2013-03-15 17:01

ポル・ポト派元副首相が死去 大量虐殺の罪で公判中

  カンボジアのポルポト派による大虐殺裁判の被告イエン・サリが死んだと報道されている。

これで「あちこちでほっとしている連中」がいるだろう。旧悪を知る中心人物が死んだのだから。

 

先ずはアカヒ新聞の報道から

 

<以下引用>

 

ポル・ポト派元副首相が死去 大量虐殺の罪で公判中

 

 

 【ハノイ=佐々木学】カンボジアの旧ポル・ポト政権(1975~79年)の元副首相で、大量虐殺に関わった罪に問われ特別法廷で公判中のイエン・サリ被告(87)が14日朝、プノンペン市内の病院で死去した。心臓などを患い、4日に体調を崩して入院していた。

 

 元副首相は旧政権のナンバー3。ポル・ポト元首相(98年に死去)、同法廷で起訴・公判中のヌオン・チア元人民代表議会議長(86)に次ぐ地位だ。重要幹部の死去により、犠牲者170万人超と言われる国民大虐殺の裁判による真相解明は、一層難しい状況となった。

 

 訴訟資料などによると、元副首相は1950年代に留学先のフランスで仏共産党に入党した。57年にカンボジアに戻り、教職に就きながら共産党運動に傾倒、党権力の中枢を担うようになった。75年に発足した政権では外務担当の副首相となり、海外から帰国した知識層への強制労働を通じた「再教育」や、反逆者の粛清・処刑に関与した疑いがもたれている。

 

 78年12月にベトナム軍が侵攻し、翌年には親ベトナムのヘン・サムリン政権が発足、ポト派は放逐された。元副首相は欠席裁判で死刑判決を受けたが、96年に他の幹部に先駆けて投降し、国王から恩赦を受けた。ポト派を離脱してフン・セン首相支持を表明したり、メディアの取材に応じたり目立つ存在だった。

 

 だが、2006年に国連カンボジア政府が真相究明のために特別法廷を発足させたことに伴い、元副首相は07年11月、「戦争犯罪」と「人道に対する罪」で逮捕された。法廷では96年の恩赦を理由に「公判は無効」と主張し、否認を貫いた。

 

 妻のイエン・チリト元社会問題相(81)も起訴されたが、認知症のため昨年9月に釈放。残る被告のチア氏と政権ナンバー5のキュー・サムファン元幹部会議長(81)の審理は今後も継続されるが、高齢で体調が安定せず進行は滞りがちだ。特別法廷は300人の職員に給与を払えないほどの資金不足の問題も抱えている。

 

 法廷での真相究明を求めてきた犠牲者の遺族らは焦燥感を強めている。ポト派政権時代に祖父母や父、6人の兄弟を亡くしたシナさん(58)は「旧政権幹部が罪を償わずに世を去ることは許されない。
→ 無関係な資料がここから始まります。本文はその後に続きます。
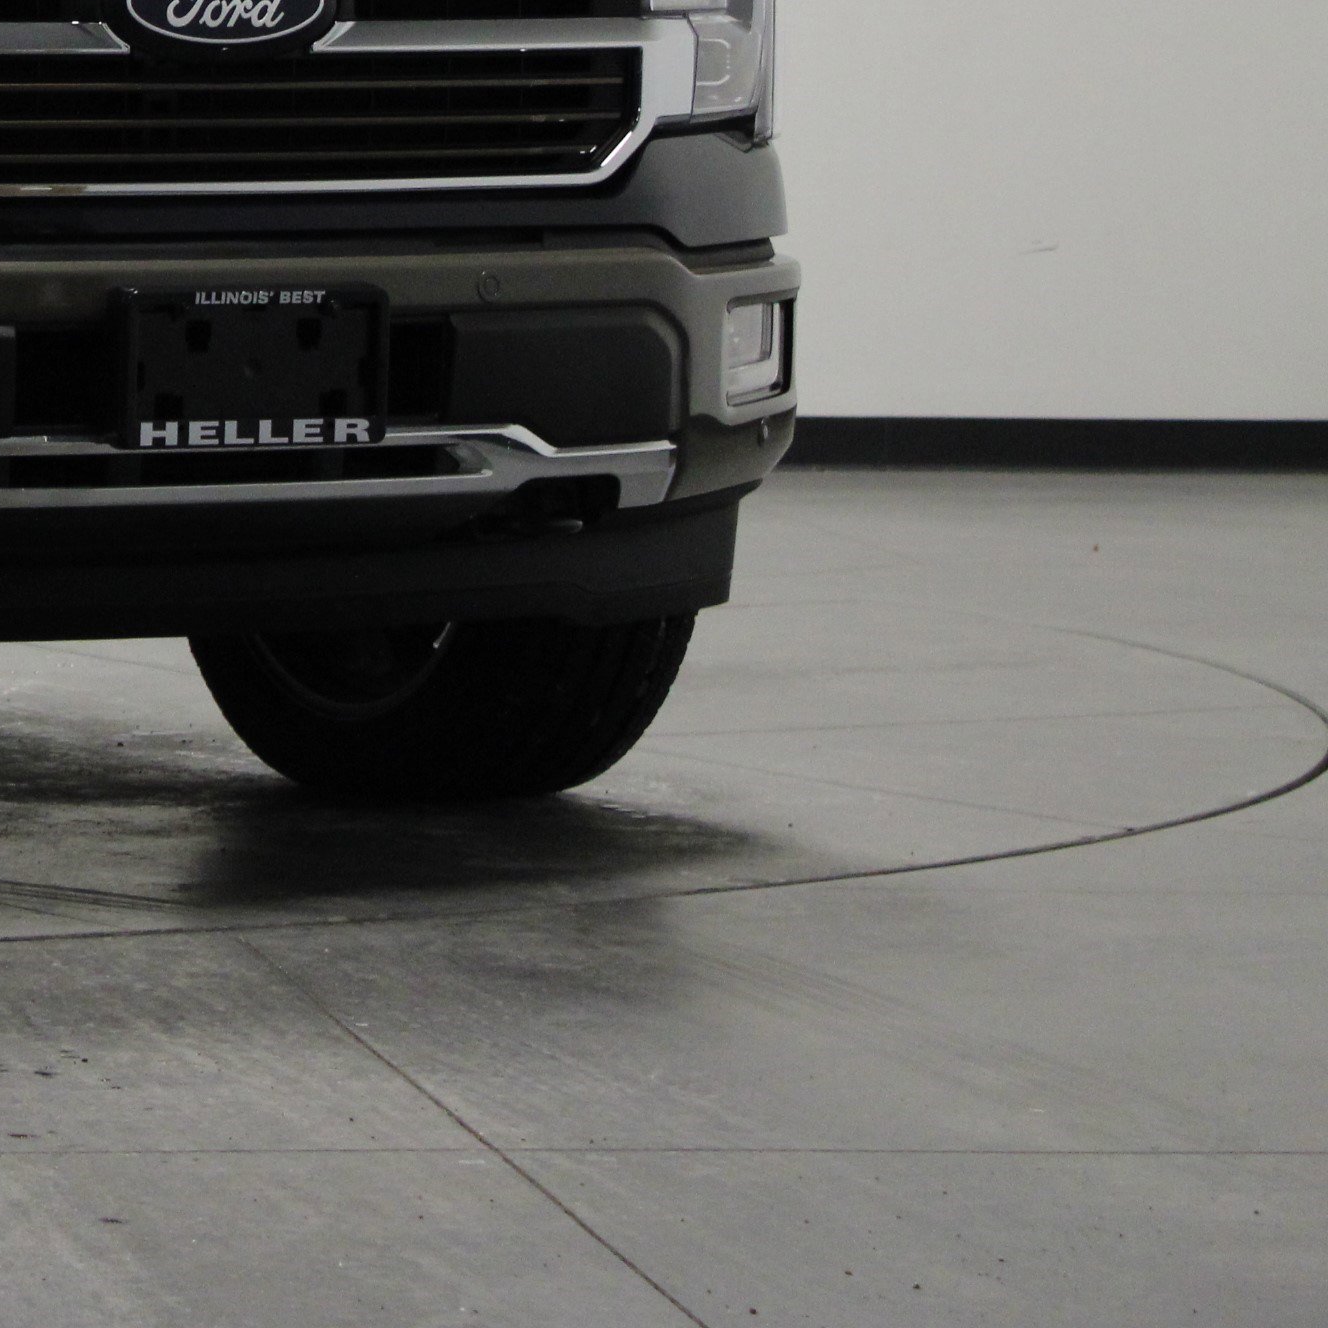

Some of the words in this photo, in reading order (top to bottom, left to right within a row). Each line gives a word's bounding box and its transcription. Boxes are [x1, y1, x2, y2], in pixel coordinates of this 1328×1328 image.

[195, 291, 274, 305] ILLINOIS'
[279, 290, 326, 304] BEST
[139, 418, 370, 447] HELLER
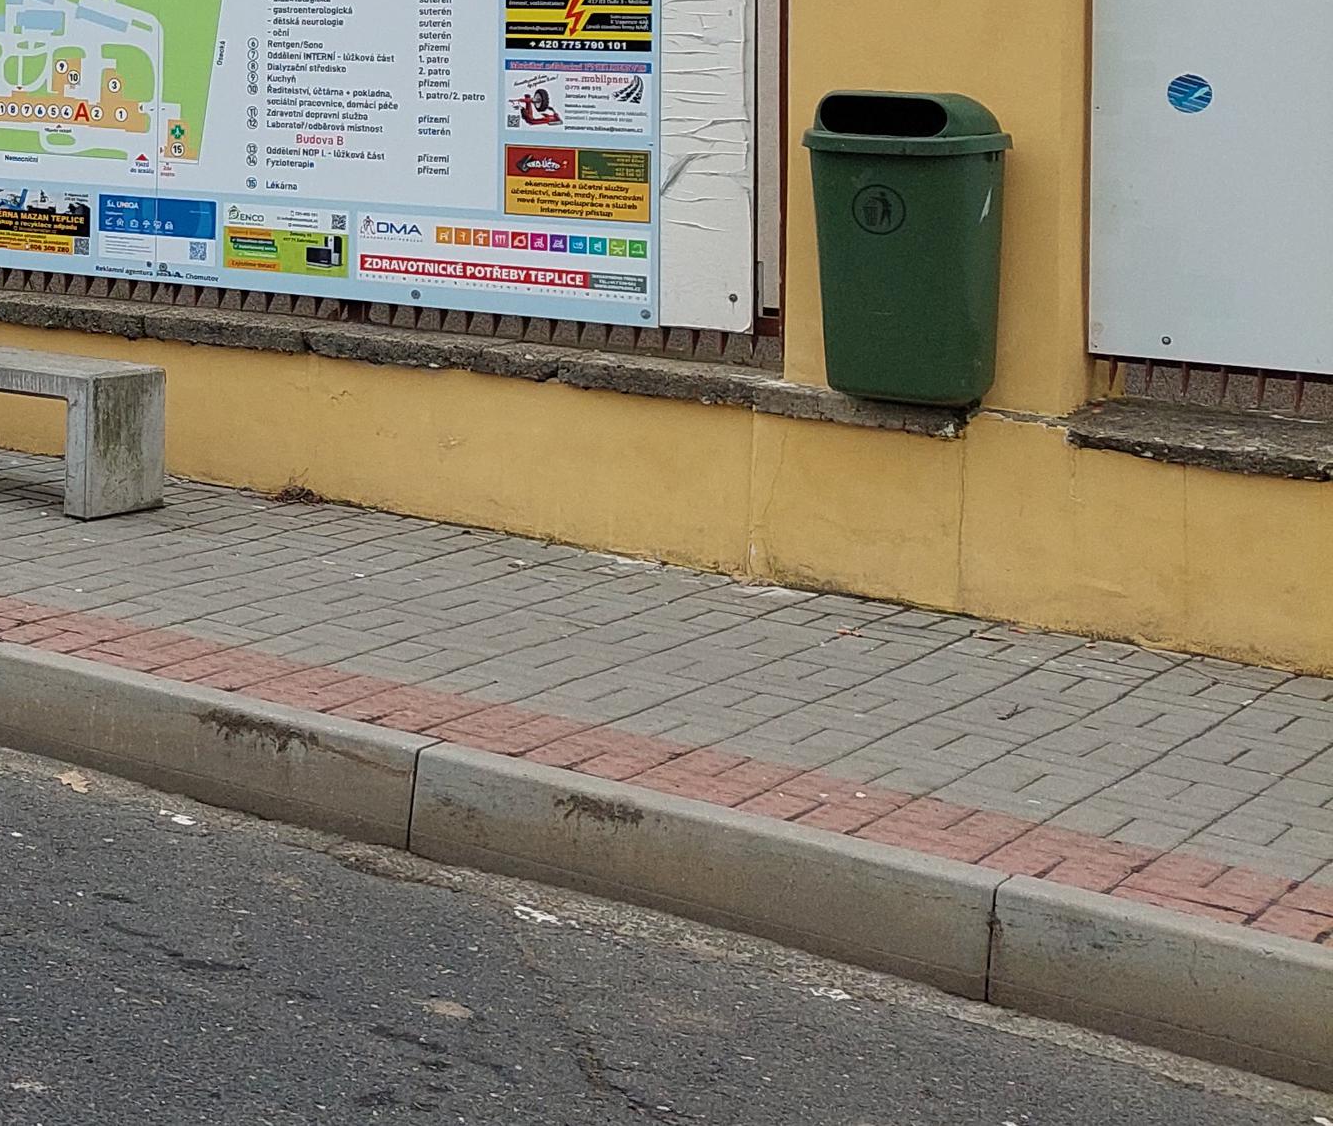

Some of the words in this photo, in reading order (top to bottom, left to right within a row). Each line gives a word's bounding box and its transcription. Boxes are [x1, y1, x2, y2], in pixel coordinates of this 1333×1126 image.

[273, 7, 353, 15] gastroenterologická
[302, 18, 343, 27] neurologie
[268, 40, 323, 50] Rentgen/Sono
[561, 41, 581, 49] 775
[584, 41, 604, 49] 790
[607, 42, 627, 50] 101
[268, 51, 302, 60] Oddělení
[303, 50, 335, 60] INTERNÍ
[343, 53, 374, 62] lůžková
[377, 54, 394, 62] část
[267, 63, 307, 72] Dialyzační
[309, 64, 346, 73] středisko
[419, 67, 426, 75] 2.
[427, 68, 450, 77] patro
[267, 74, 296, 84] Kuchyň
[582, 75, 629, 85] mobilpneu
[267, 85, 310, 95] Ředitelství,
[313, 87, 344, 96] účtárna
[353, 88, 392, 99] pokladna,
[267, 97, 297, 106] sociální
[299, 99, 344, 109] pracovnice,
[347, 100, 376, 108] domácí
[378, 101, 398, 110] péče
[74, 103, 90, 121] A
[267, 109, 303, 118] Zdravotní
[305, 109, 340, 120] dopravní
[342, 111, 368, 120] služba
[267, 120, 345, 131] Laboratoř/odběrová
[347, 123, 383, 133] místnost
[418, 128, 451, 136] suterén
[296, 134, 333, 144] Budova
[336, 135, 344, 145] B
[5, 155, 38, 163] Nemocniční
[266, 158, 314, 169] Fyzioterapie
[266, 180, 297, 190] Lékárna
[51, 214, 85, 224] TEPLICE
[377, 222, 422, 236] DMA
[96, 265, 124, 275] Reklamní
[127, 268, 153, 276] agentura
[364, 256, 464, 276] ZDRAVOTNICKÉ
[467, 265, 526, 281] POTŘEBY
[529, 271, 583, 285] TEPLICE
[185, 273, 219, 283] Chomutov
迅速な裁判を」と訴えている。

 

 

http://www.asahi.com/international/update/0314/TKY201303140448.html?ref=reca

 

<引用終り>

 

 

 

先ずこんな所から

75年に発足した政権では外務担当の副首相となり、海外から帰国した知識層への強制労働を通じた「再教育」や、反逆者の粛清・処刑に関与した疑い

 

この75年にポルポト軍がプノンペン入りした、その時の朝日新聞の記事、朝日さんよもや忘れてはいないでしょうね。

 

朝日新聞はポルポト派に関しては重大な誤報をした。

それがどんなものかと言うと

和田俊

「粛正の危険は薄い? カンボジア解放側 アジア的優しさもつ」

朝日新聞1975年4月19日夕刊2面

朝日新聞はポルポト派のプノンペン侵攻の2日後、こんな記事を載せている。

この大誤報から3年8か月と20日に間に、170万人とも220万人ともいわれるカンボジア人が虐殺された。
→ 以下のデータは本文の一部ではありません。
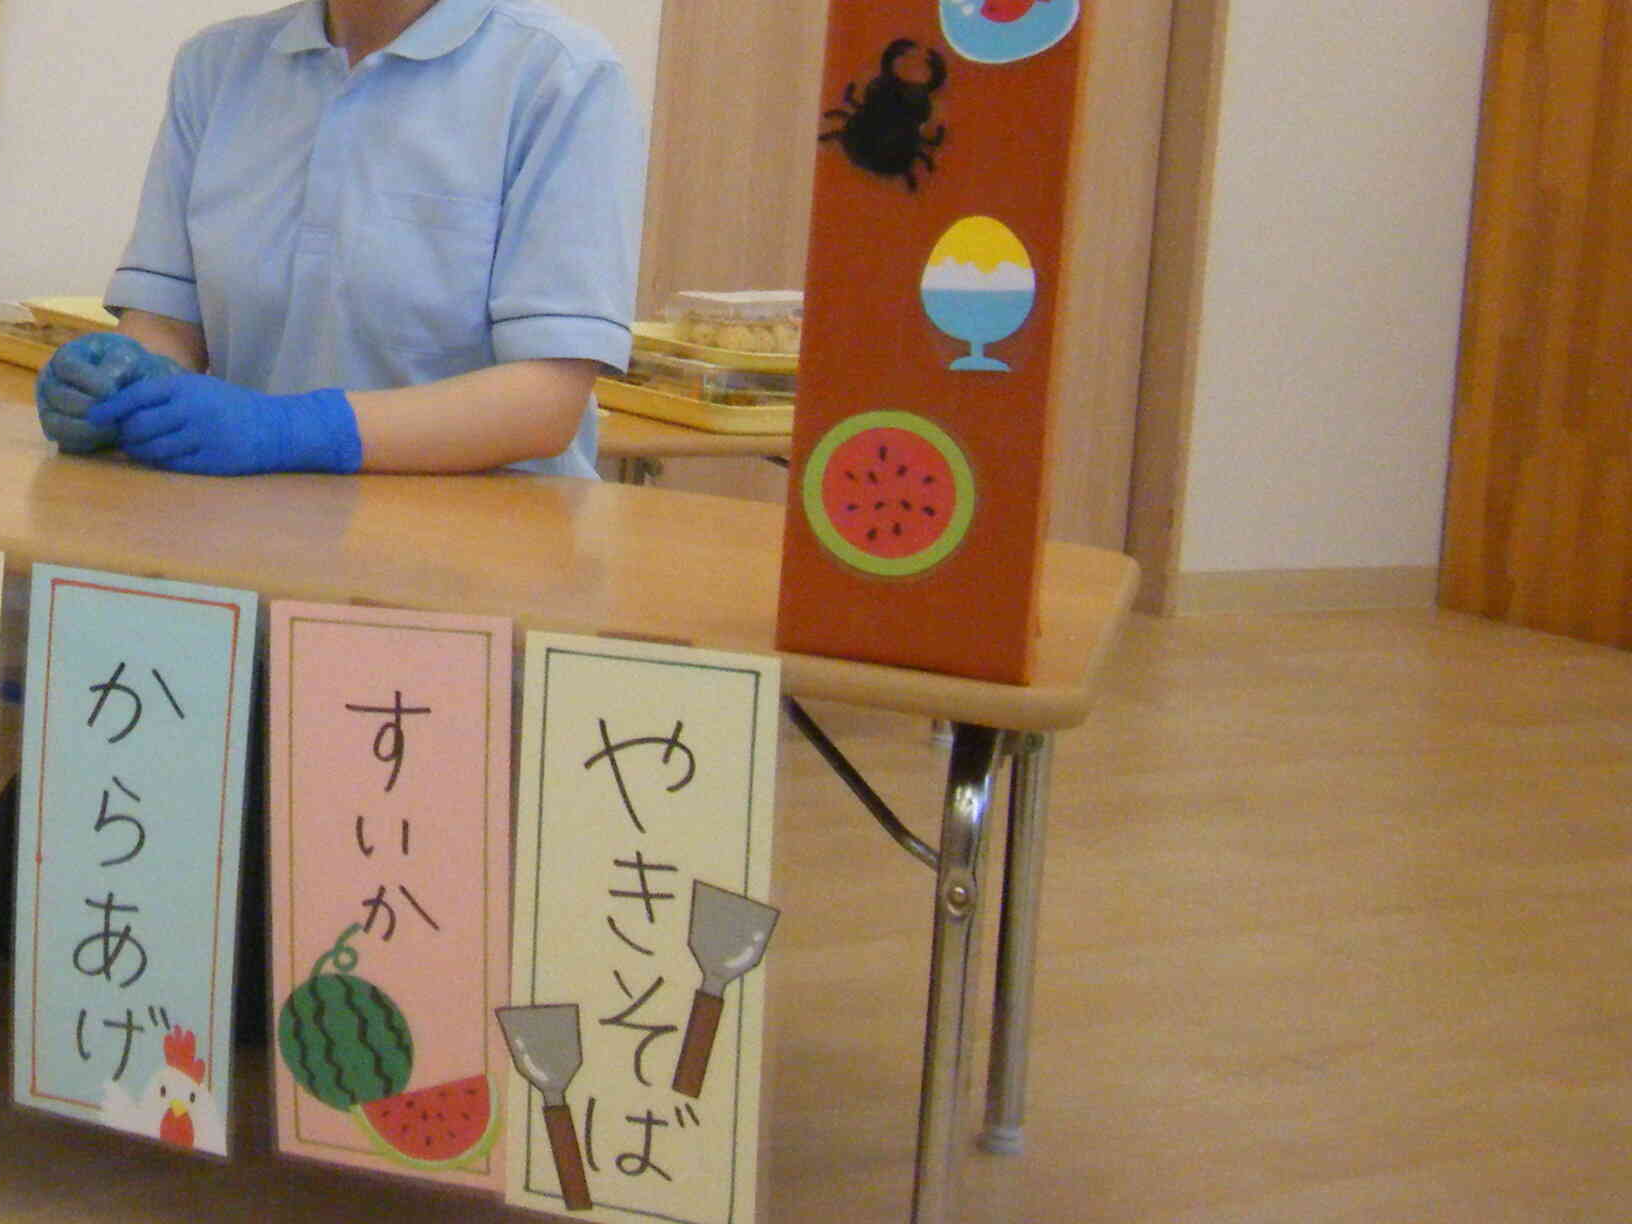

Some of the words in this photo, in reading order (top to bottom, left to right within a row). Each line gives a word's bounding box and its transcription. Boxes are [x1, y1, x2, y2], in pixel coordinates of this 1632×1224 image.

[72, 660, 185, 1083] からあげ
[344, 689, 441, 943] すいか
[583, 718, 702, 1182] やきそば
虐殺対象者は学校の先生、役人、企業経営者、インテリ層などであった。

 

知識層への強制労働もあったがカンボジア国民4人に一人を殺したのである。

それにしては朝日新聞、この大誤報にもかかわらず全く反省の色が無い。

朝日新聞の体質は変わっていないようだ。

 

 

 

次はこれ

96年に他の幹部に先駆けて投降し、国王から恩赦を受けた。ポト派を離脱してフン・セン首相支持を表明したり

 

此処にイエン・サリが投降する直前の96年、ある日本人が訪問したときの写真が有る

 

右がイエン・サリ、中央が妻のイエン・シリト。

妻のイエン・シリトも夫とともに裁判にかけられていたが認知症が酷いため裁判は中断。本人も自宅に帰っている。
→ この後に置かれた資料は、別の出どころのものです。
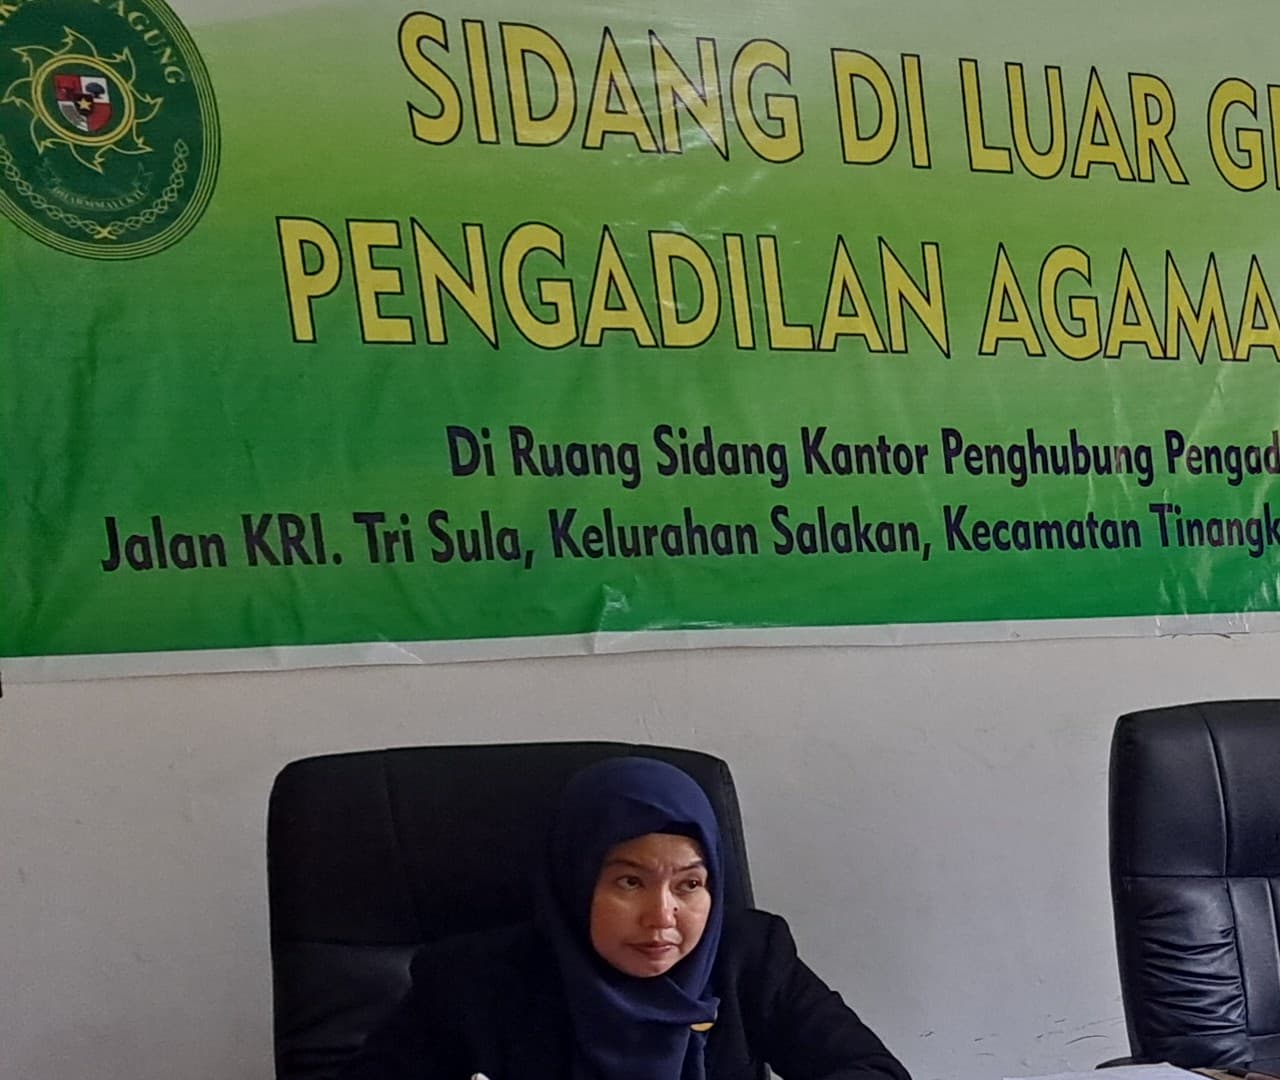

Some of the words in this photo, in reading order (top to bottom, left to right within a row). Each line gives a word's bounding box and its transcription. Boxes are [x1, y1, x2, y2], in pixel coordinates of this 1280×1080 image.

[398, 10, 803, 163] SIDANG
[830, 47, 932, 169] DI
[958, 57, 1190, 186] LUAR
[275, 216, 951, 359] PENGADILAN
[445, 425, 497, 477] Di
[508, 425, 642, 490] Ruang
[652, 423, 790, 489] Sidang
[799, 425, 929, 476] Kantor
[940, 427, 1155, 488] Penghubung
[100, 515, 228, 573] Jalan
[240, 512, 343, 568] KRI.
[352, 510, 416, 565] Tri
[427, 509, 536, 571] Sula,
[548, 507, 759, 560] Kelurahan
[769, 504, 933, 562] Salakan,
[942, 503, 1143, 554] Kecamatan
妻イエン・シリトの姉がポルポトの妻であり、二人とも夫を遥かに凌ぐ頭の良い人物だったらしい。そしてポルポト派の陰の実力者がこの女性二人だった。

 

 

そしてこれがイエン・サリ率いる軍隊。

イエン・サリが投降した際、約5000人の部隊を率いて投降した。

その部隊はすべてカンボジア政府軍に編入された。

 

 
こんな部隊が5000人もいる。凄いカネを持っていた訳である。
 
そのカネヅルはこのパイリン近くでとれるルビー、これを密売することで活動資金を手に入れていた。
ルビーなど宝石類はロスチャイルド財閥の昔からの家業である。
だからポルポト派はアメリカから資金援助を受けていた。
上記写真はカンボジア西部のパイリンと言うところだが、そこからクルマで30分位でタイとの国境に出られる。
 
更に昨年死去したシアヌーク前国王とはポルポト派は血縁関係にあり、その関係でイエン・サリやイエン・シリトは北朝鮮とも深い関係が有る。
 
そこにつながっているのが此奴。
 
恐らくこの空き缶もヤレヤレこれで死人に口なし、そう思っているだろう。
 
 
そんな事で最後に
特別法廷は300人の職員に給与を払えないほどの資金不足
 
こんな話なのだが、この金は誰が出しているのだろう。
この特別法廷、国際スタッフとカンボジア人スタッフで構成されており、協定上諸外国から選ばれた判事・検察官・職員・弁護士等の給与など費用は国連が、カンボジア側の判事・職員などの費用はカンボジアが負担することになっている。
その国連負担分は日本が49%オーストラリア12%、アメリカ9%、ドイツフランス各6%となっている。
更にカンボジア負担分も実際にカンボジアが拠出するのは18%、あとは日本38%、以下そのほかの諸国となっている。
 
日本は断トツ・ぶっちぎりの1位、そしてアメリカの少なさがひときわ目につく。
つまりアメリカフランスはポルポトの大虐殺問題は触れてほしくないのである。
 
この問題はこんな事で闇に消えていくのだろうか。
何十年も前の話ではなく、今現在の問題でもあるようだ。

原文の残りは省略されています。